Before We Build New Prisons, Let’s Fix the System that Fills Them

VT Digger column – Schubart

H. 543, a funding bill to study options for building new prisons has both drawn ire and nonsense from those supposed to act on it, the House Committee on Corrections and Institutions. The ire was against the ACLU which has long made criminal justice and mass incarceration a practical and social justice focus of its policy reform  (Disclosure: I’m a member and former Board member of the ACLU). A letter to its membership suggesting that the bill should explore alternatives to new prison construction annoyed a few legislators who then vented their umbrage against the ACLU in a two-hour hearing – odd when it’s their job to hear and pay attention to diverse points of view.

The Chittenden County Regional Correctional Facility  (CRCF) which houses some 140 women in South Burlington was a detention center built to house 100 men in 1976.  The facility is overcrowded and the infrastructure is crumbling with chronic sewage, heating, and ventilation problems. A white paper published seven and a half years ago by a consortium of concerned women details deteriorating conditions inside the facility back then and little has been done since.

The current Senate language (P.67) considerably improves the House version, adding provisions for alternatives such as restorative justice, transitional housing, and diversion programs. As to the proposed $250,000 study stall-tactic, that’s the cost of keeping three women in jail for a year. I’m sorry, but I’ve been appointed to three legislative “study” committees and seen the hard and serious work of only one ever see legislative light of day, so you’ll pardon my skepticism.

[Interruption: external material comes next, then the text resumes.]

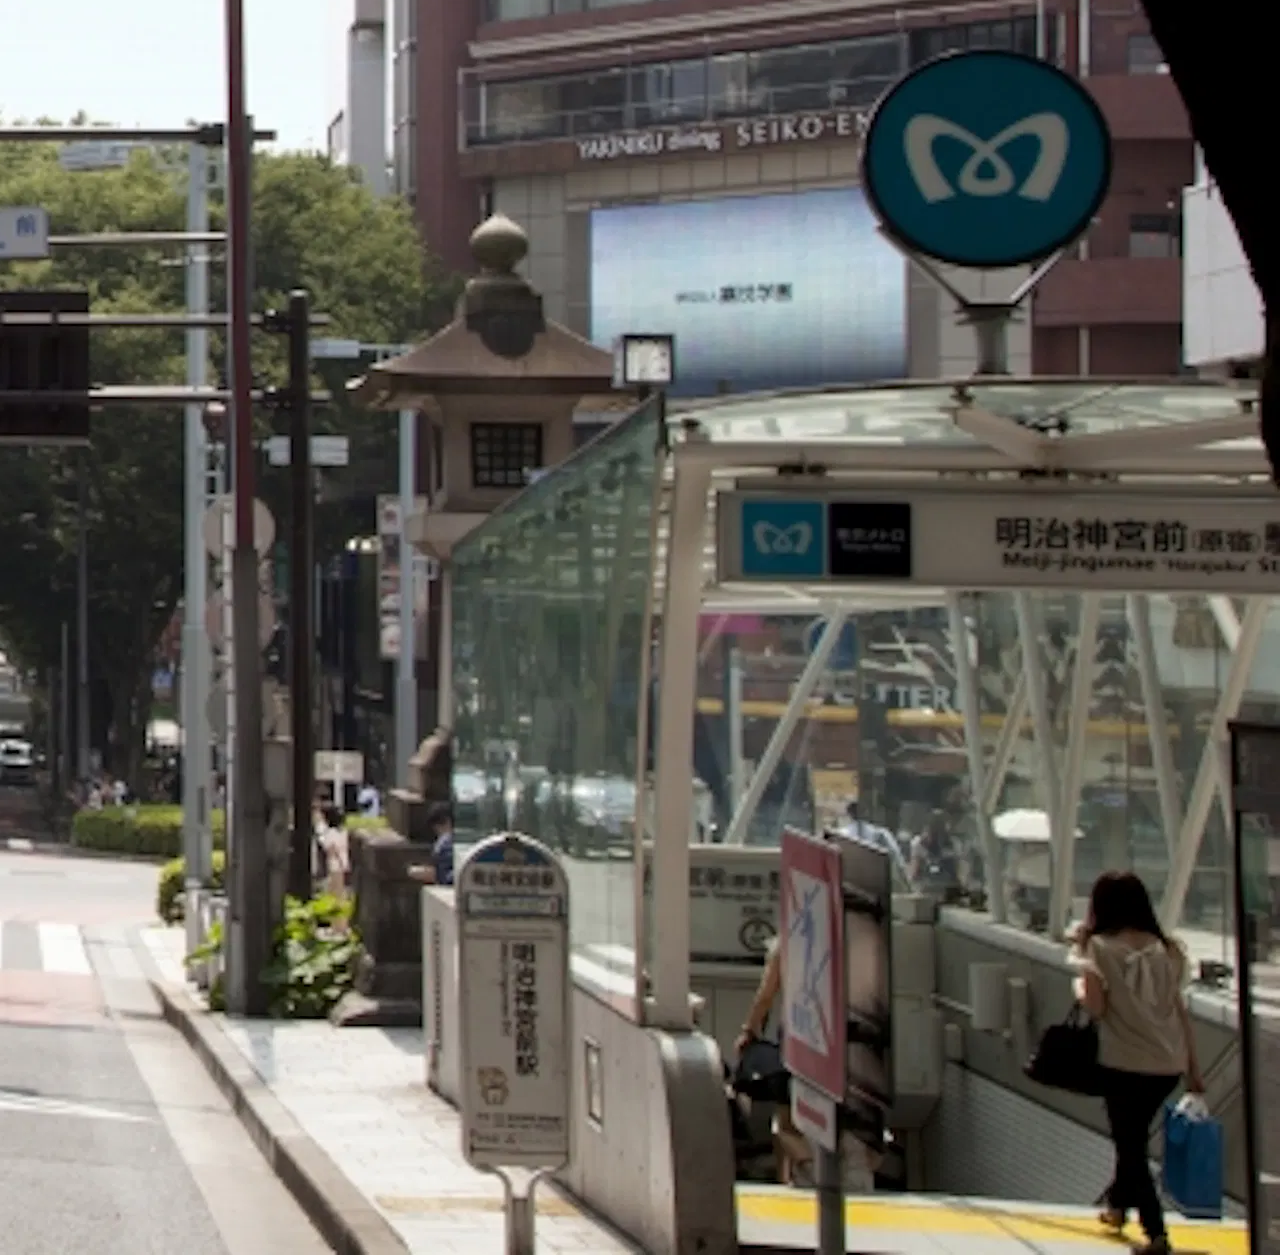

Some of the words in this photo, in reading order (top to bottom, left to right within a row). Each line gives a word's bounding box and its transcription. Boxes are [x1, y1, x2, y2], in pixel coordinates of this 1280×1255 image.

[577, 132, 662, 160] YAKINIKU
[512, 943, 539, 1077] 明治神宮前駅

Building more prisons is like building new malls in an age of e-commerce. The last thing we need to do is invest scarce funds in the infrastructure of a broken system that yields more broken lives. It’s imperative that we get the women out of South Burlington (CRCF) but a new prison is not the right solution.

In fact, we need to rethink the entire criminal justice, not just the last mile. In a meeting two years ago with then Corrections Commissioner Lisa Menard, she reminded me that Corrections doesn’t fill prisons. Their job is only to house the prisoners that prosecutors, judges, juries, and police put there and manage them according to statute.

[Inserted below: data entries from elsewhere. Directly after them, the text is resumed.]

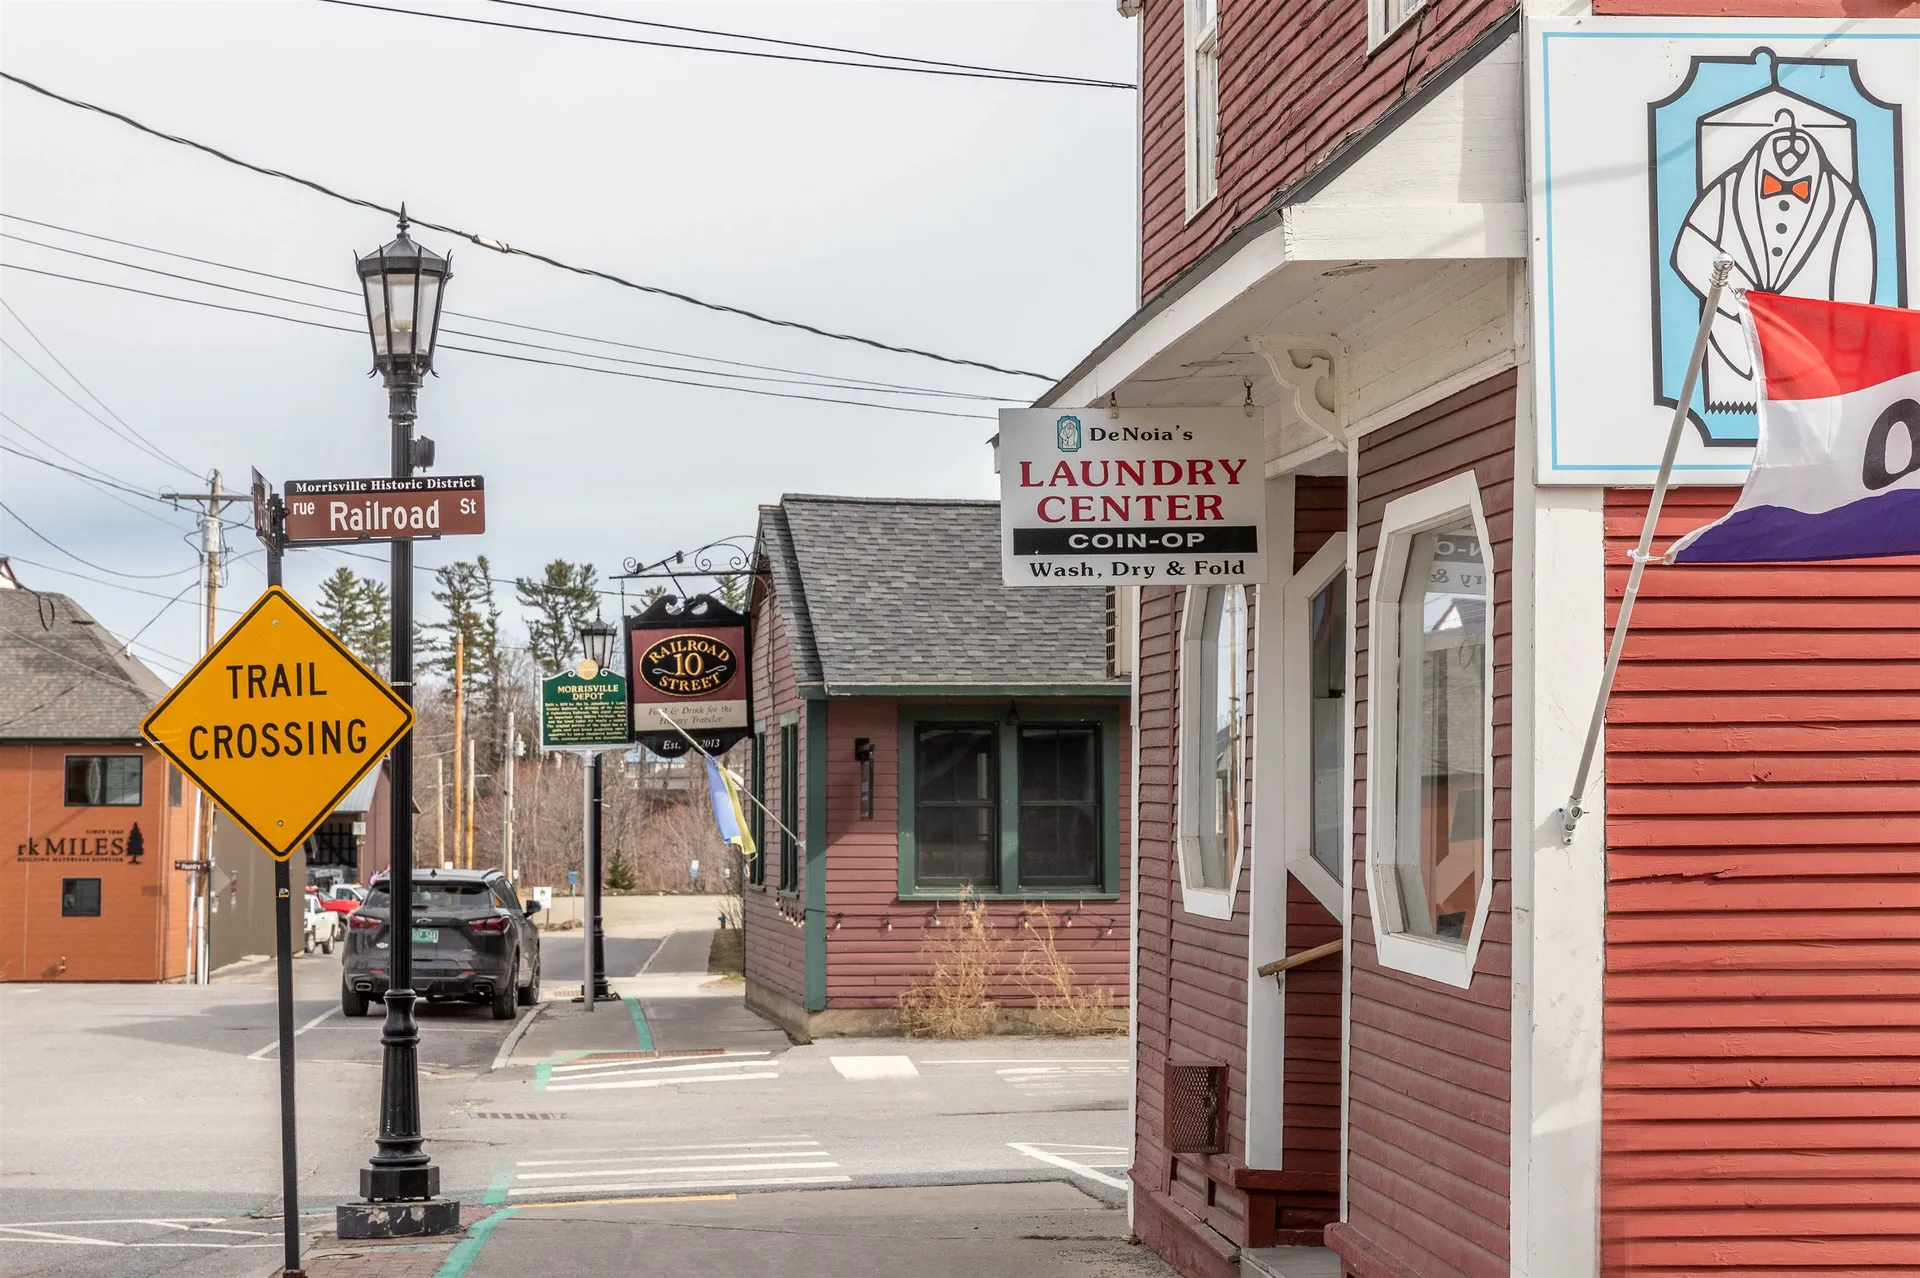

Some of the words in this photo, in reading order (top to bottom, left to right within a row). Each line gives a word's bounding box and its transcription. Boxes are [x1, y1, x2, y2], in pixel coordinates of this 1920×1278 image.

[1090, 425, 1193, 441] DeNoia's
[1019, 458, 1247, 487] LAUNDRY
[296, 481, 367, 493] Morrisville
[371, 479, 423, 491] Historic
[427, 477, 477, 489] District
[293, 501, 315, 516] rue
[330, 499, 440, 531] Railroad
[460, 498, 477, 515] St
[1037, 494, 1225, 523] CENTER
[1068, 533, 1205, 549] COIN-OP
[1029, 561, 1102, 579] Wash,
[1111, 561, 1155, 579] Dry
[1166, 560, 1186, 576] &
[1194, 560, 1246, 576] Fold
[648, 640, 730, 664] RAILROAD
[673, 652, 704, 677] 10
[226, 662, 327, 699] TRAIL
[557, 684, 619, 693] MORRISVILLE
[659, 672, 720, 691] STREET
[572, 692, 604, 700] DEPOT
[682, 706, 705, 715] Drink
[706, 705, 718, 715] for
[721, 704, 733, 713] the
[692, 715, 723, 724] Traveler
[189, 718, 367, 760] CROSSING
[663, 740, 681, 750] Est.
[701, 739, 720, 748] 2013
[18, 836, 40, 856] rk
[45, 837, 124, 856] MILES

Our prisons are the last mile of a broken system going all the way back to those among us who would “lock ‘em up,” as expressed recently by House Correction panelist Rep. Marcia Martel, R-Waterford who, alluding to two women from her town convicted of murder, said “They can rot. And I don’t feel sorry for them.”

Instead, for each inmate, we need to ask why is this woman in jail? If it was for a violent offense, we need to understand if the woman was mentally ill, preternaturally violent, or defending herself? Each has a different remedy.

As for property crimes, we must ask was the crime a result of addiction, poverty, or simple greed. Each must have its own criminal justice path. To assume they’re all one solution is wasteful of our limited resources and our citizens lives, including the 6000 plus children of people in corrections.

Addiction treatment offers a path to recovery and community reentry and costs less than the $85,000 a year we spend on each woman in South Burlington.

Poverty makes us uncomfortable, as it should, reflecting our own poor social investments. Do we lock up the mother for shoplifting food for herself or her children or kiting checks to pay her rent or do we help her make her way back into society and the economy?

Is my $250 speeding ticket the same as the single mother’s $250 ticket for driving an uninspectable vehicle because there’s no public transportation in her community? If so, we have a deeper equity problem that has nothing to do with new jails.

Punish greed if you will but be sure and punish privileged greed equally – the bookkeeper who embezzles to enrich herself, as well as the Wells Fargo executive who extracts fabricated fees from several hundred thousand customers to enrich herself, or the pharma executive who addicts hundreds of thousands with opiate prescriptions along with the colored kid peddling coke on the street. Scale matters.

When the billionaire Richard Sackler of Purdue Pharmaceutical pays a pocket-change fine of a few million dollars in lieu of jail time for mis-marketing Oxycontin as non-addictive and the street dealer gets 25 years, we have a deeper criminal justice problem.

For our own sake and the sake of all Vermonters, let’s rethink this and get it right.